GaussianTalker: Real-Time High-Fidelity Talking Head Synthesis with Audio-Driven 3D Gaussian Splatting (2404.16012v2)

Abstract: We propose GaussianTalker, a novel framework for real-time generation of pose-controllable talking heads. It leverages the fast rendering capabilities of 3D Gaussian Splatting (3DGS) while addressing the challenges of directly controlling 3DGS with speech audio. GaussianTalker constructs a canonical 3DGS representation of the head and deforms it in sync with the audio. A key insight is to encode the 3D Gaussian attributes into a shared implicit feature representation, where it is merged with audio features to manipulate each Gaussian attribute. This design exploits the spatial-aware features and enforces interactions between neighboring points. The feature embeddings are then fed to a spatial-audio attention module, which predicts frame-wise offsets for the attributes of each Gaussian. It is more stable than previous concatenation or multiplication approaches for manipulating the numerous Gaussians and their intricate parameters. Experimental results showcase GaussianTalker's superiority in facial fidelity, lip synchronization accuracy, and rendering speed compared to previous methods. Specifically, GaussianTalker achieves a remarkable rendering speed up to 120 FPS, surpassing previous benchmarks. Our code is made available at https://github.com/KU-CVLAB/GaussianTalker/ .

• The paper presents a novel framework using 3D Gaussian splatting to achieve real-time, high-fidelity talking head synthesis driven by audio inputs.
• It integrates a spatial-audio attention module that synchronizes facial deformations with audio cues while efficiently encoding and manipulating Gaussian attributes.
• Experimental results demonstrate significant improvements in lip synchronization and rendering speed of up to 120 FPS, setting a new standard for interactive digital human generation.

Overview of GaussianTalker: Real-Time High-Fidelity Talking Head Synthesis with Audio-Driven 3D Gaussian Splatting

GaussianTalker presents a novel framework for real-time synthesis of high-fidelity, pose-controllable talking heads driven by audio inputs. This approach capitalizes on the efficiency and expressiveness of 3D Gaussian Splatting (3DGS), an increasingly popular alternative to Neural Radiance Fields (NeRF), known for maintaining quality while significantly enhancing rendering speed.

Methodological Advancements

At the core of GaussianTalker is the innovative application of 3DGS to create audio-driven dynamic facial animations. By developing a static canonical 3D Gaussian representation of a head and synchronizing its deformations with audio cues, the authors address the limitations faced by previous methods in maintaining spatial cohesion and efficient parameter manipulation.

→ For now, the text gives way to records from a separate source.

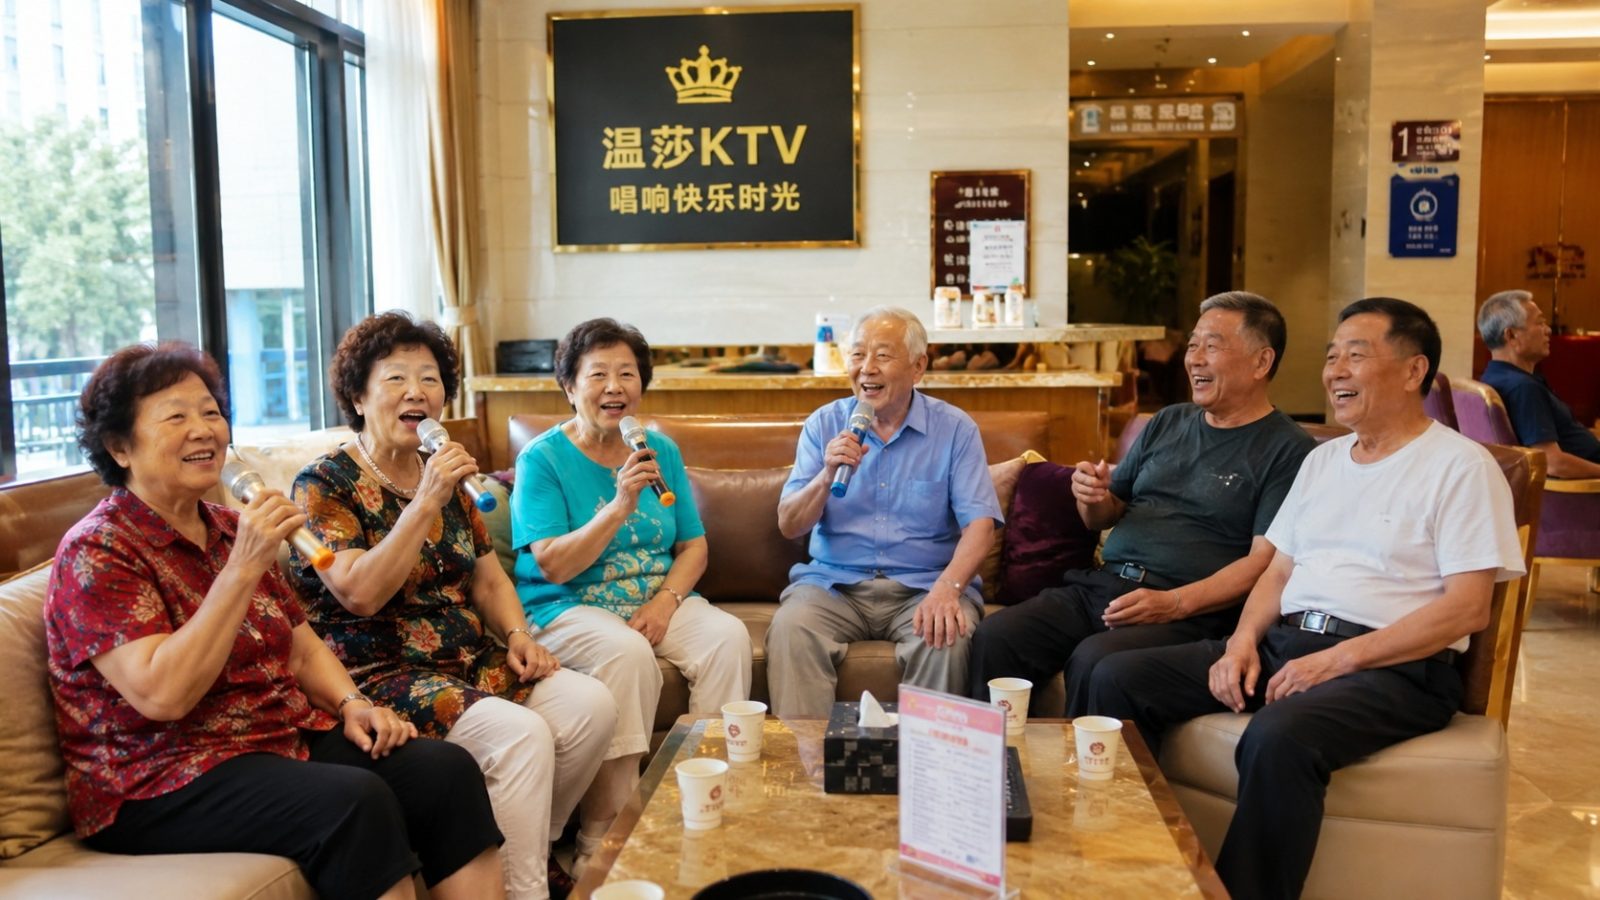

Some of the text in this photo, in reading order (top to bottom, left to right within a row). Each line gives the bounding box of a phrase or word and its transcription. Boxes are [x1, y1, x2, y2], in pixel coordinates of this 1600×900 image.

[602, 124, 807, 170] 温莎KTV
[1398, 127, 1409, 157] 1
[610, 182, 801, 214] 唱响快乐时光
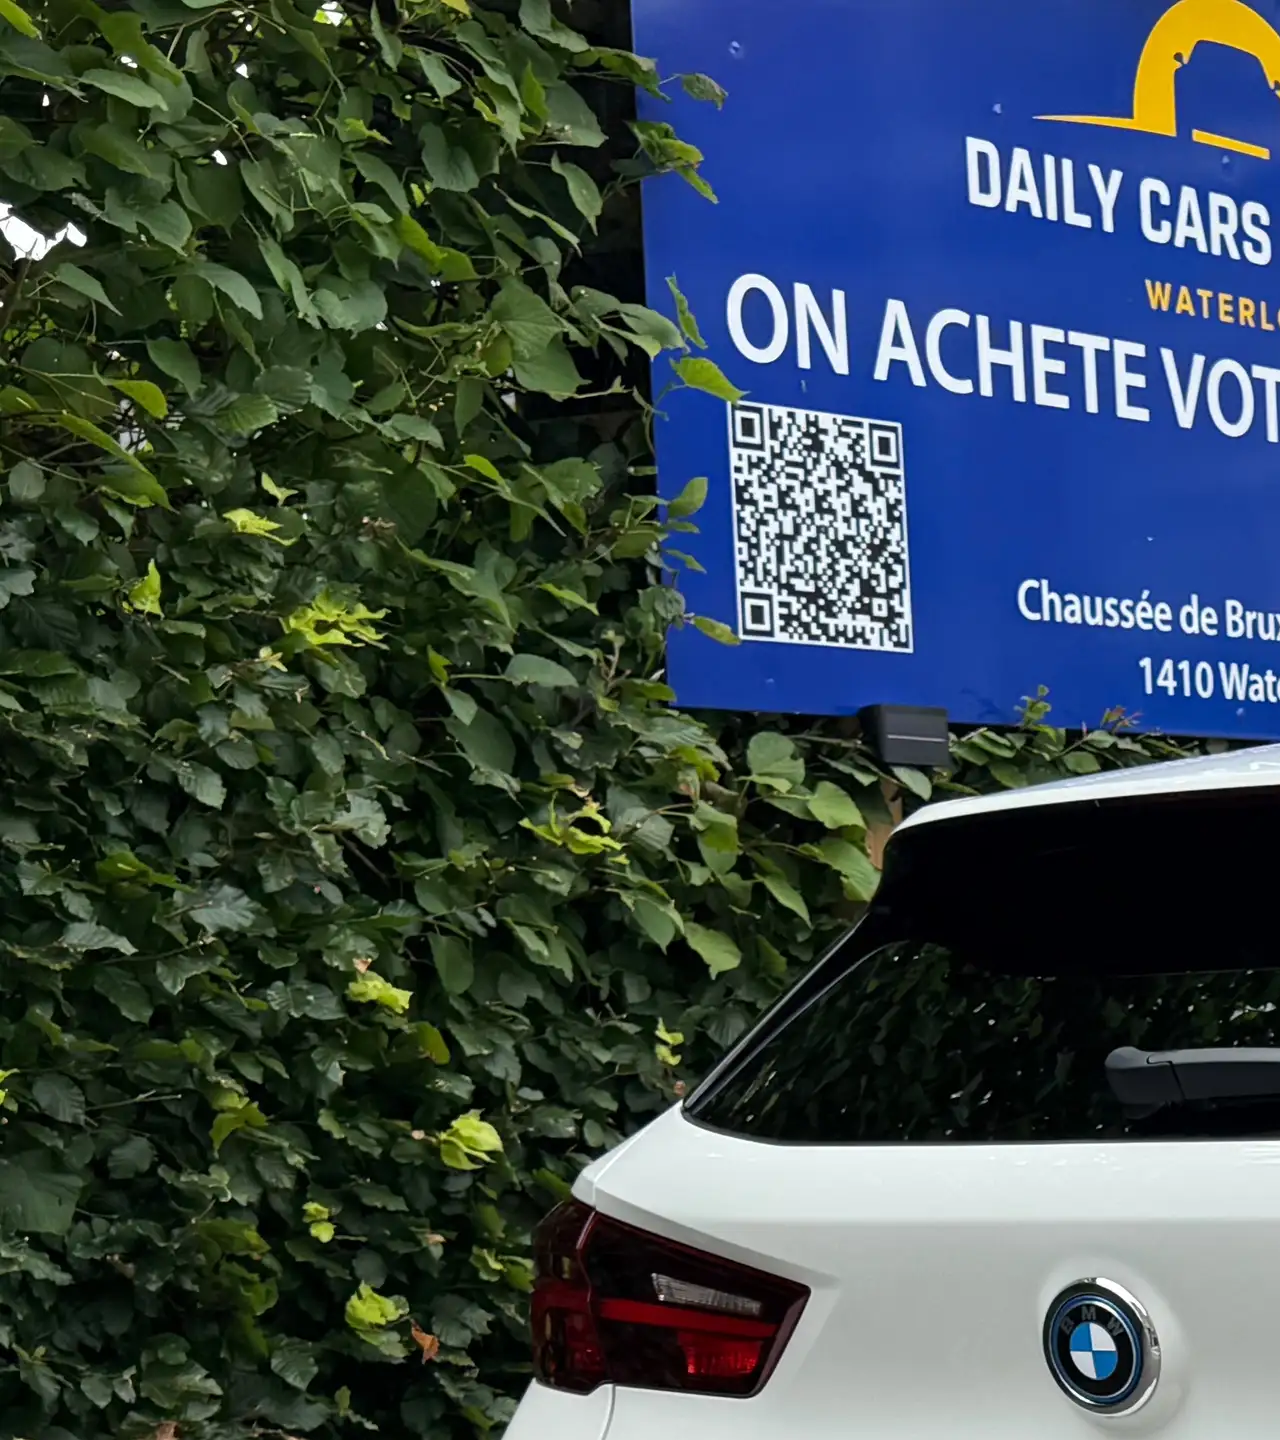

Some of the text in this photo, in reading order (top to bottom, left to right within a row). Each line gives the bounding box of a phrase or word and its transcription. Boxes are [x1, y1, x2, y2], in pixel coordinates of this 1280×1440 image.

[965, 136, 1123, 233] DAILY
[1140, 177, 1272, 266] CARS
[726, 273, 849, 375] ON
[872, 297, 1150, 422] ACHETE
[1017, 578, 1172, 632] Chaussée
[1180, 594, 1217, 636] de
[1138, 657, 1214, 699] 1410
[1060, 1305, 1125, 1337] BMW

Gaussian attributes are encoded into a shared implicit feature space and merged with audio features to manage Gaussian attributes effectively. This design leverages spatially-aware features and enhances the interactions among neighboring points using a multi-resolution triplane. The spatial-audio attention module, a key component of this architecture, predicts frame-wise offsets for each Gaussian's attributes, offering increased stability over traditional concatenation or multiplication methods.

Numerical Results and Capabilities

GaussianTalker showcases marked improvements in terms of facial fidelity, lip synchronization, and rendering speed. Experimental evaluations reveal rendering speeds reaching up to 120 FPS, outpacing existing benchmarks. These improvements are substantial when contrasted with competitors, positioning GaussianTalker as a superior tool in generating photorealistic, audio-driven facial animations.

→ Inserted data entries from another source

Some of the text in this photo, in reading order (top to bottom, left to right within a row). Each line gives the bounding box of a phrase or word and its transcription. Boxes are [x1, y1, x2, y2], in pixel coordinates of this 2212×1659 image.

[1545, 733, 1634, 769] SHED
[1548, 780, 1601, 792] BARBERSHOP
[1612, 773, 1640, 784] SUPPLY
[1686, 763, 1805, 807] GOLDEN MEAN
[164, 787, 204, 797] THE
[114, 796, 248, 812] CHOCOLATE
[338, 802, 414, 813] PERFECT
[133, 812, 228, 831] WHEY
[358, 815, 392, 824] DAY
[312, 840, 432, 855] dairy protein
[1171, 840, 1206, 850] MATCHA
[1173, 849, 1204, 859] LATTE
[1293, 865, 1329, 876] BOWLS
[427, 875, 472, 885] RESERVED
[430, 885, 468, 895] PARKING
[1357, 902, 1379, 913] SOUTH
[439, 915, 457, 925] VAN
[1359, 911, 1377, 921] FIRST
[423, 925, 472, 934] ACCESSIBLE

Implications and Future Directions

The implications of GaussianTalker's advances are significant for industries reliant on digital human generation, including virtual avatars, teleconferencing, and entertainment sectors. The real-time rendering capabilities combined with high-quality output present substantial potential for interactive digital experiences.

Future research could explore expanding GaussianTalker's applicability across multiple identities without additional per-identity training, enhancing its scalability and utility. Furthermore, investigating robust multi-view training and generalization techniques could unlock capabilities for full free-viewpoint synthesis, a current limitation of the model.

Conclusion

In summary, GaussianTalker represents a substantial contribution to the domain of real-time, high-fidelity talking head synthesis. By leveraging the inherent advantages of 3D Gaussian Splatting and overcoming its previous limitations through innovative technical solutions, GaussianTalker delivers high-quality facial animations, establishing a new standard in the synthesis of digital humans.